The British developed a new system of carriages, which was adopted by the French, then copied from the French by the Americans.

During the American Civil War, U.S. Army equipment was identical to Confederate Army equipment, essentially identical to French equipment, and similar to that of other nations. The field artillery limber assumed its archetypal form – two wheels, an ammunition chest, a pintle hook at the rear, and a central pole with horses harnessed on either side. The artillery piece had an iron ring (lunette) at the end of the trail. To move the piece, the lunette was dropped over the pintle hook (which resembles a modern trailer hitch). The connection was secured by inserting a pintle hook key into the pintle.

The quantity of ammunition in the chest, which could be detached from the limber, depended on the size of the piece. An ammunition chest for the M1857 light 12-pounder gun ("Napoleon") carried 28 rounds. The cover of the ammunition chest was made of sheet copper to prevent stray embers from setting the chest on fire.

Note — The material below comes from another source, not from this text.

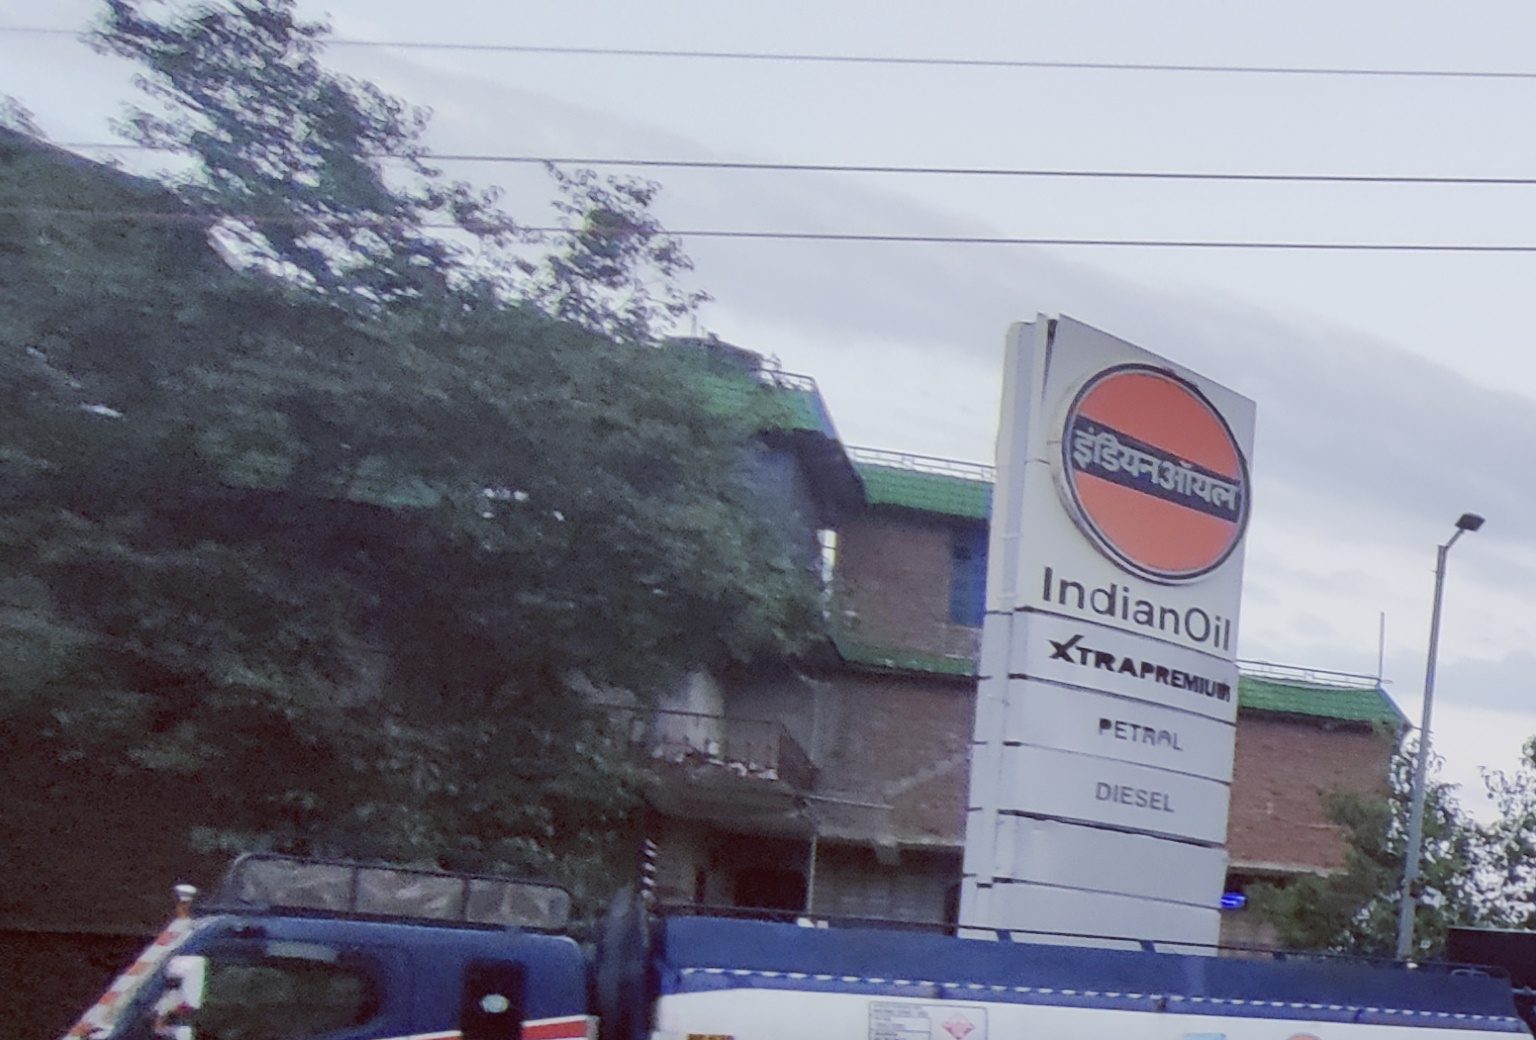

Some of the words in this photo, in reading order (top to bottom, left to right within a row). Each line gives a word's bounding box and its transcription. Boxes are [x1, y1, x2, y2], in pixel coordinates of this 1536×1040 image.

[1073, 426, 1238, 511] इंडियनऑयल
[1043, 566, 1231, 651] IndianOil
[1096, 782, 1175, 812] DIESEL

Six horses were the preferred team for a field piece, with four being considered the minimum team. Horses were harnessed in pairs on either side of the limber pole. A driver rode on each left-hand ("near") horse and held reins for both the horse he rode and the horse to his right (the "off horse").

In addition to hauling the artillery piece, the limber also hauled the caisson, a two-wheeled cart that carried two extra ammunition chests, a spare wheel and extra limber pole slung beneath. There was one caisson for each artillery piece in a battery. The cannoneers could ride the ammunition chests on the limbers and the caisson when speed was required, but to do so for any length of time was too tiring for the horses, so cannoneers generally walked. The exception to this rule would be in horse-artillery batteries, where the cannoneers rode saddle horses.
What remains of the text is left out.